Sicily is eternal. A place of secrets, straddled somewhere between what we can see and what we can never fully know. To visit is to gain the slightest of understanding of the words of German author Johann Wolfgang van Goethe who, in 1917, penned a simple summation of this remarkable place: "To have seen Italy without having seen Sicily is not to have seen Italy at all, for Sicily is the clue to everything."
Sicily is ever patient. She goes about her ancient rhythms while gently inviting you to sip briefly from the torrent of history and experiences that have flowed there for millenniums. There is a sense of holiness here, not merely in the multitude of cathedrals and churches, but in something somehow deeper, more intimately personal. To sit for a few hushed moments in a structure that took decades to hand shape from stone is a humbling reminder of the tiny speck of time we occupy. There is magnetism in Sicily that resets one’s compass to true north.
We returned to a place where history is measured in a span of centuries and where streets are often little wider than one’s outstretched arms. A place where stooped, stoic Sicilian women trudge home with their groceries from market, sharing cobbled streets they have walked for decades with visitors who are there but for a few days.

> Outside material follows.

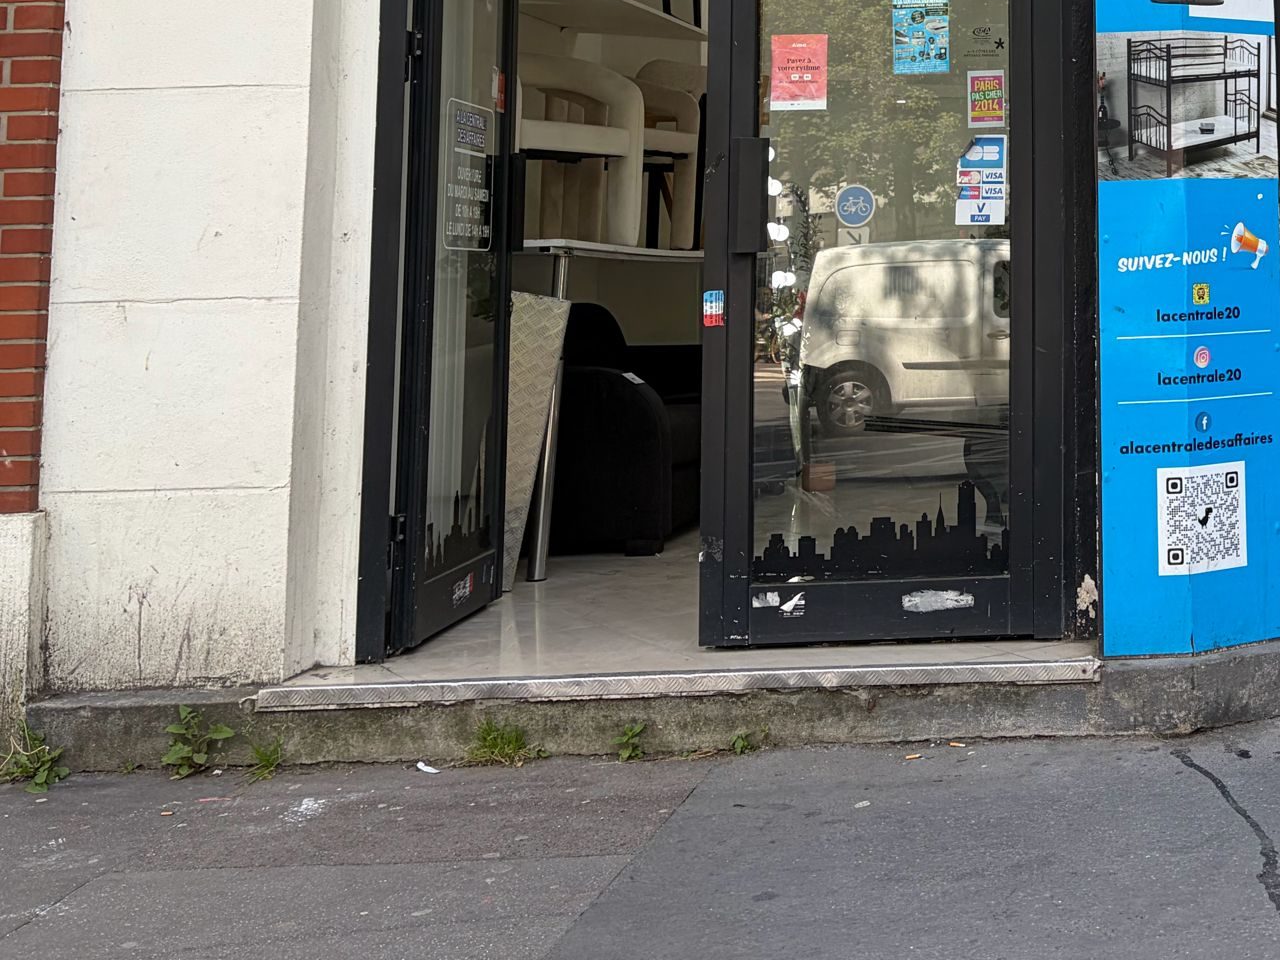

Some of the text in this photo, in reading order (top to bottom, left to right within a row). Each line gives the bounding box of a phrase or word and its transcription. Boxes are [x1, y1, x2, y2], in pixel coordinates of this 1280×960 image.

Sicily is a spectacular organic orchestra. The summer sun blisters the landscape to umber, yet readies and ripens endless groves of olive, lemon and fruit trees, and blesses streets and gardens with wondrous profusions of flowering plants. This is a place where bougainvillea spreads unchecked up walls and along balconies like pink and purple blankets, and where wizened oleander trees grow as thick as oaks. A place of absurdly narrow, tightly-coiled streets hemmed by conjoined homes and shops where only the smallest of cars and whizzing motor bikes can easily navigate. Sicily’s towns are architecturally and emotionally intimate.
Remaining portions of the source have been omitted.